7.5. Client Multi-Tenancy

In the companion project, there is a single OAuth2 client registration with an authorization code. But what if we had more? This might happen for instance if we share a BFF across several frontends, some having distinct issuer or scope.

The user should be prompted to choose only between OpenID Providers he can authenticate on, and in many cases, we can filter the login options.

Here are a few samples of situations where we can drastically shrink the number of possible choices, ideally to one so that the user isn’t prompted for a choice:

  • the SPA is configured with a specific option to use
  • there are several reverse-proxies and each can set something like a header with the option to use
  • some technical info, like the IP of the frontend device, can tell us that a user should be authorized here or there

In such situations, we have two choices:

  • send the filtering criteria with the request to /login-options and filter in the BFF controller
  • filter /login-options response inside the frontend

8. Back-Channel Logout

What if, in a SSO configuration, a user with an opened session on our BFF logs-out using another OAuth2 client?

In OIDC, the Back-Channel Logout specification was made for such scenarios: when declaring a client on an authorization server, we can register an URL to be called when a user logs-out.

Because the BFF runs on a server, it can expose an endpoint to be notified with such log-out events. Since version 6.2, Spring Security supports Back-Channel Logout and spring-addons-starter-oidc exposes a flag to enable it.

Once the session ended on the BFF with Back-Channel Logout, the requests from the frontend to the resource server(s) won’t be authorized anymore (even before tokens expiration). So for a perfect user experience, when activating Back-Channel Logout on a BFF, we should probably also add a mechanism like WebSockets to notify frontends with user status changes.

9. Why Using spring-addons-starter-oidc?

All along this article, we modified quite a few default behaviors of both spring-boot-starter-oauth2-client and spring-boot-starter-oauth2-resource-server:

  • change OAuth2 redirect URIs to point to a reverse-proxy instead of the internal OAuth2 client
  • give SPAs the control of where the user is redirected after login / logout
  • expose CSRF token in a cookie accessible to Javascript code running in a browser
  • adapt to not exactly standard RP-Initiated Logout (Auth0 and Amazon Cognito for instance)
  • add optional parameters to the authorization request (Auth0 audience or whatever)
  • change the HTTP status of OAuth2 redirections so that SPAs can choose how to follow to Location header
  • register two distinct SecurityFilterChain beans with respectively oauth2Login() (with session-based security and CSRF protection) and oauth2ResourceServer() (stateless, with token-based security) to secure different groups of resources
  • define which endpoints are accessible to anonymous
  • on resource servers, accept tokens issued by more than just one  OpenID Provider
  • add an audience validator to JWT decoder(s)
  • map authorities from any claim(s) (and add prefix or force upper / lower case)

This usually requires quite some Java code and a deep knowledge of Spring Security.

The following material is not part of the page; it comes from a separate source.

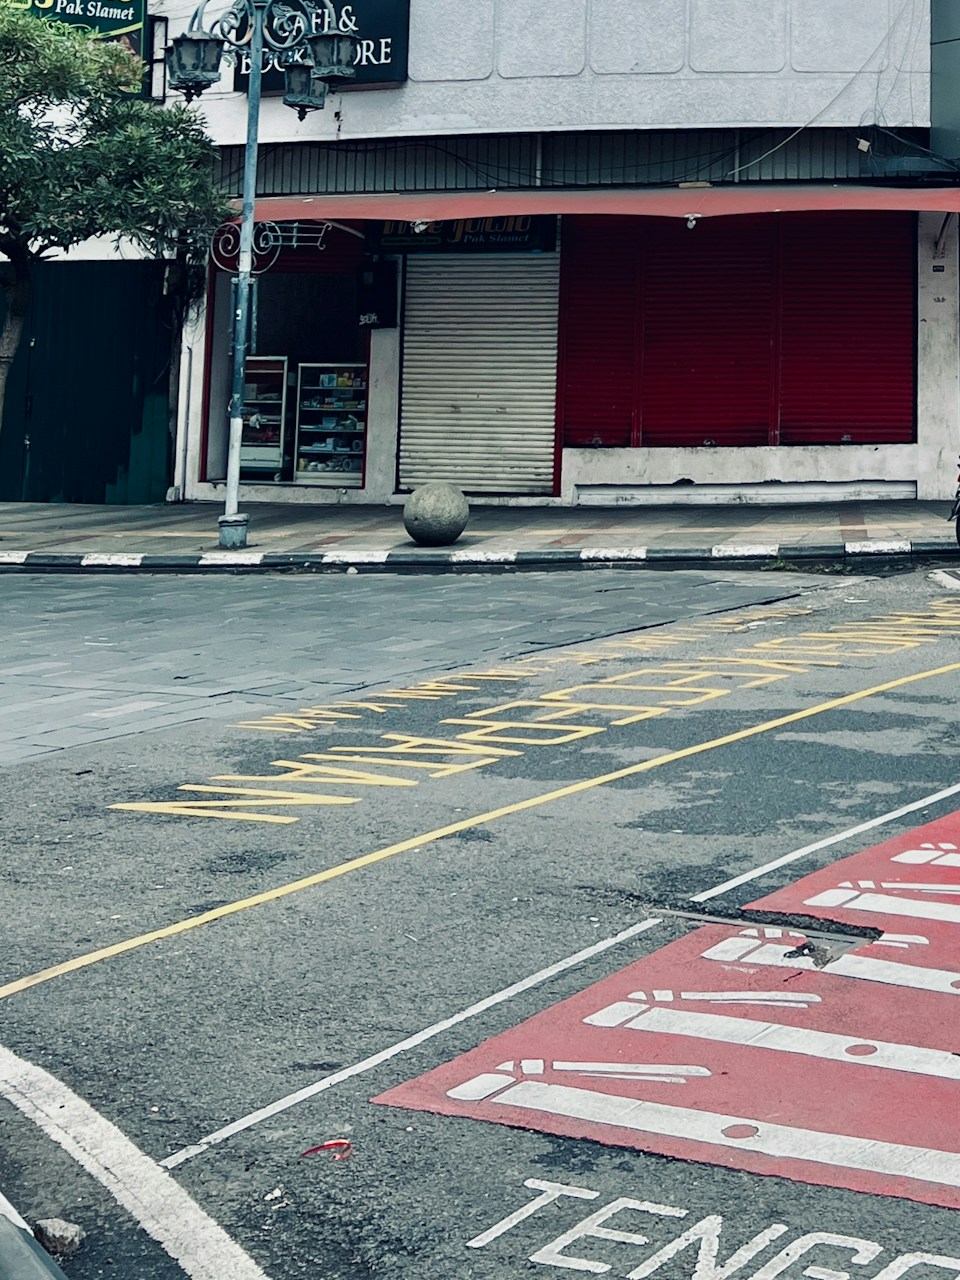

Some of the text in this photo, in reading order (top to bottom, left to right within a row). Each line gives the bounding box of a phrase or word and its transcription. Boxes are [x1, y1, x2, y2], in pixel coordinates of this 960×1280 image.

[87, 0, 135, 21] Slamet
[338, 5, 359, 32] &
[463, 234, 486, 243] Pak
[108, 656, 842, 824] KECEPATAN

But here, we did it with just application properties and could use the guidance of our IDE auto-completion!

We should refer to the starter README on Github for a complete list of features, auto-configuration tuning and defaults overrides.

10. Conclusion

In this tutorial, we saw how to implement the OAuth2 Backend for Frontend pattern with Spring Cloud Gateway and spring-addons.

We also saw:

  • why we should favor this solution over configuring SPAs as “public” OAuth2 clients
  • introducing a BFF has very little impact on the SPA itself
  • this pattern changes nothing at all on resource servers
  • because we use a server-side OAuth2 client, we can get complete control on user session, even in SSO configurations, thanks to Back-Channel Logout

Last, we started to explore how convenient spring-addons-starter-oidc can be to configure, with just properties, what usually requires quite some Java configuration.

As usual, all the code implementations are available over on GitHub.